◆ Work request
Images stay out. Everything else in the records is repeated exactly.

◆ Excerpted data

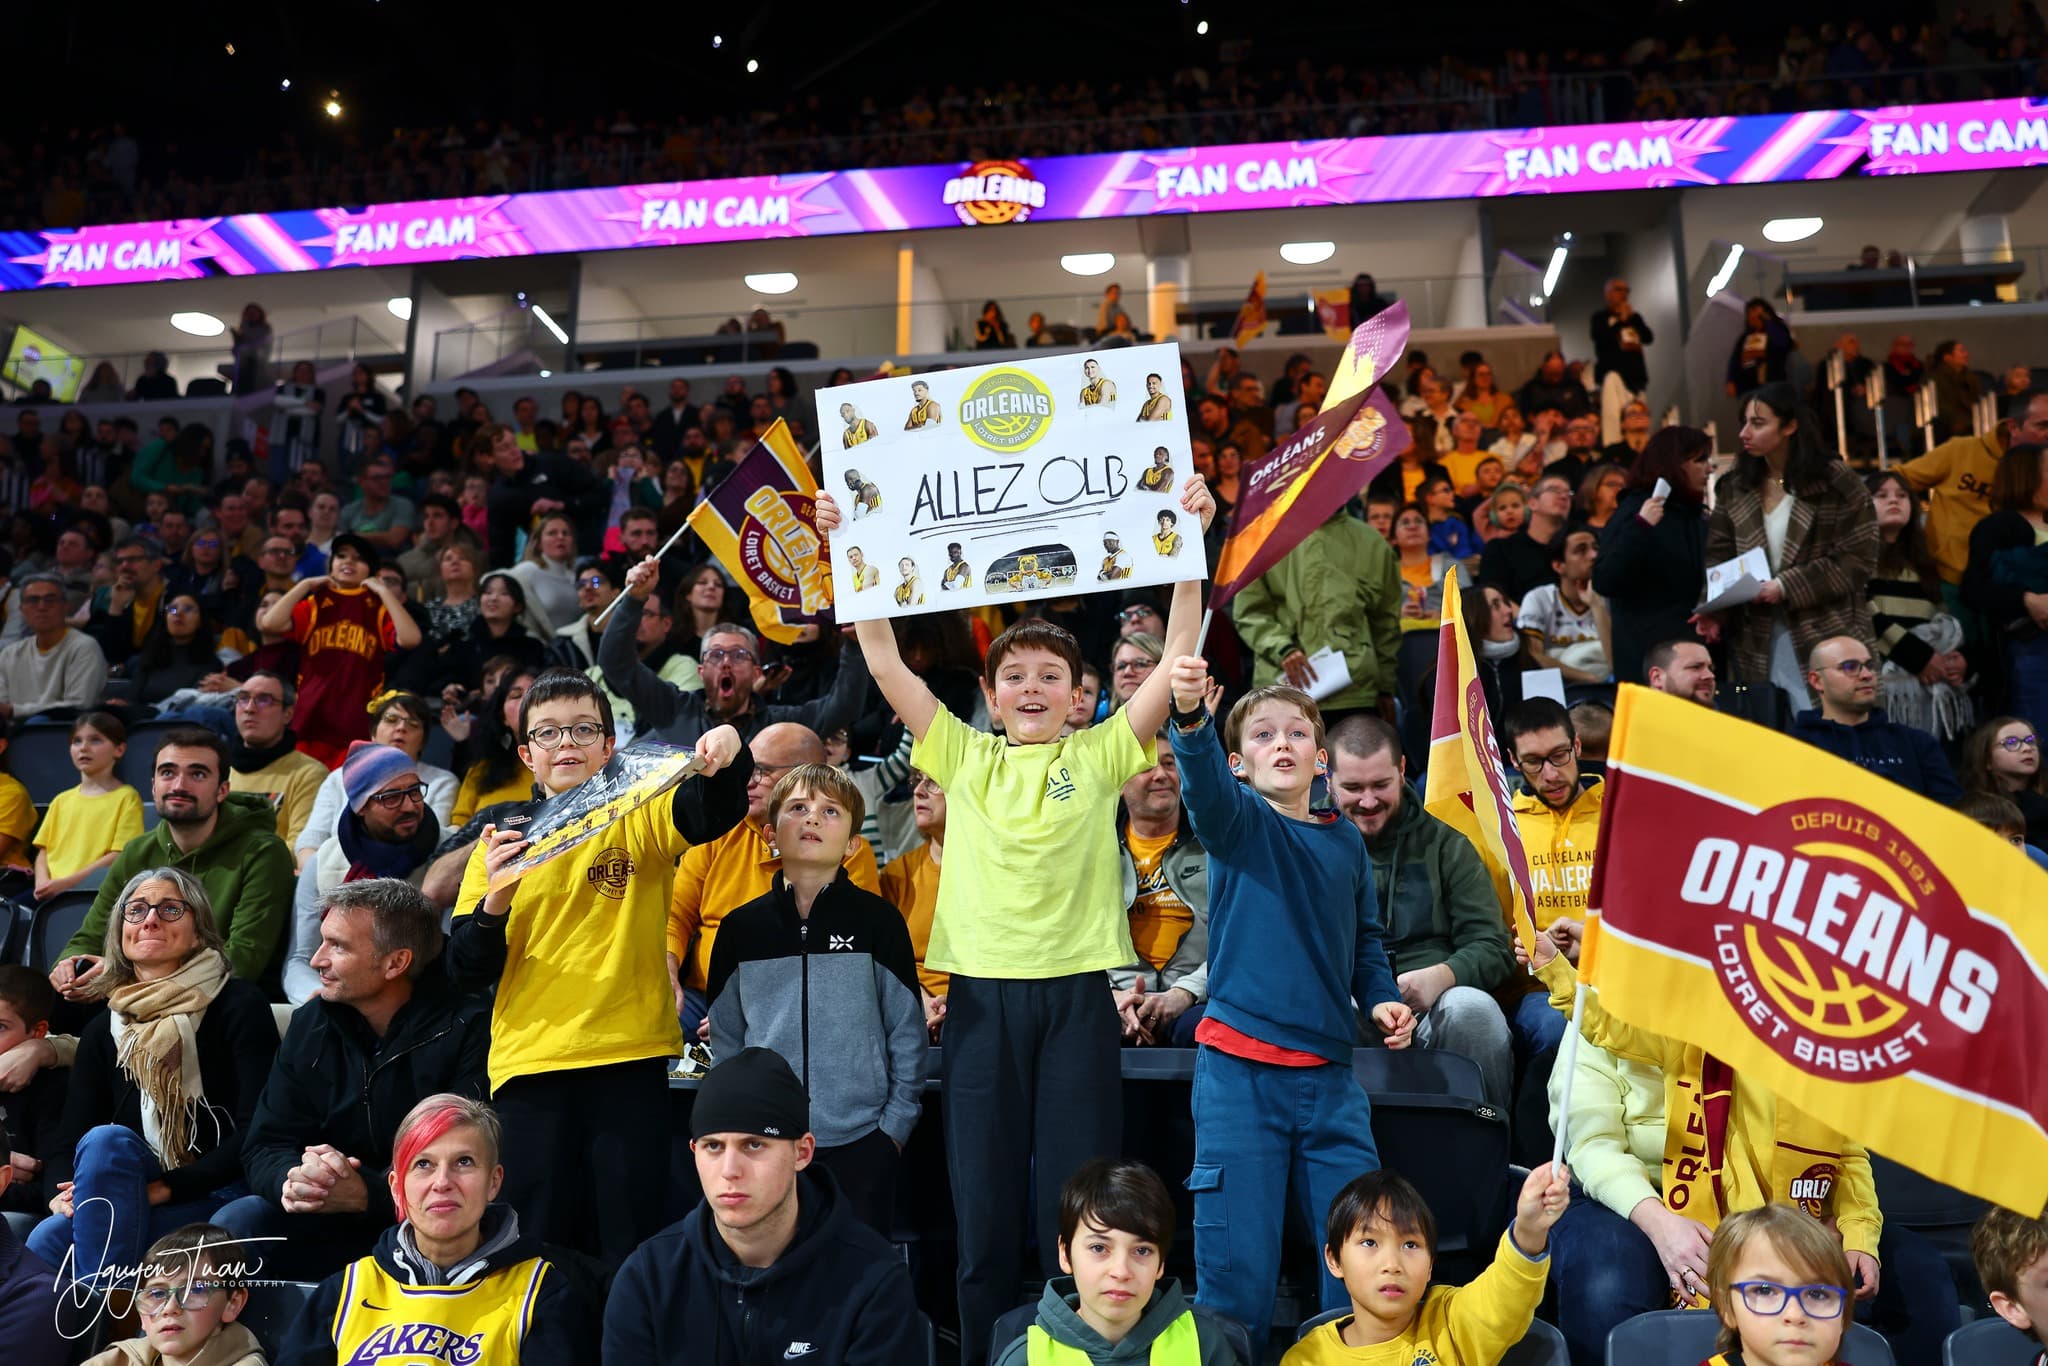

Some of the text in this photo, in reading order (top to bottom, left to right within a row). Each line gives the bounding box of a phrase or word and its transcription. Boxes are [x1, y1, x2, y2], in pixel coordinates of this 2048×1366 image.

[1870, 117, 2048, 158] FAN CAM
[1156, 157, 1318, 199] FAN CAM
[1504, 136, 1673, 182] FAN CAM
[641, 195, 790, 231] FAN CAM
[46, 238, 181, 273] FAN CAM
[334, 216, 477, 255] FAN CAM
[962, 391, 1050, 423] ORLÉANS
[974, 419, 1041, 444] LOIRET BASKET
[1249, 425, 1327, 487] ORLÉANS
[910, 455, 1128, 526] ALLEZ OLB
[747, 530, 795, 601] LOIRET BASKET
[1790, 813, 1937, 897] DEPUIS 1993
[1680, 836, 1999, 1035] ORLÉANS
[1713, 924, 1930, 1073] LOIRET BASKET
[344, 1323, 485, 1366] LAKERS
[789, 1341, 811, 1353] NIKE

◆ Reply to the exercise
Some of the text in this photo, in reading order (top to bottom, left to right within a row). Each line gives the bounding box of a phrase or word and its transcription. Boxes are [x1, y1, x2, y2], in pixel coordinates of this 2048×1366 image.

[1870, 117, 2048, 158] FAN CAM
[1156, 157, 1318, 199] FAN CAM
[1504, 136, 1673, 182] FAN CAM
[641, 195, 790, 231] FAN CAM
[46, 238, 181, 273] FAN CAM
[334, 216, 477, 255] FAN CAM
[962, 391, 1050, 423] ORLÉANS
[974, 419, 1041, 444] LOIRET BASKET
[1249, 425, 1327, 487] ORLÉANS
[910, 455, 1128, 526] ALLEZ OLB
[747, 530, 795, 601] LOIRET BASKET
[1790, 813, 1937, 897] DEPUIS 1993
[1680, 836, 1999, 1035] ORLÉANS
[1713, 924, 1930, 1073] LOIRET BASKET
[344, 1323, 485, 1366] LAKERS
[789, 1341, 811, 1353] NIKE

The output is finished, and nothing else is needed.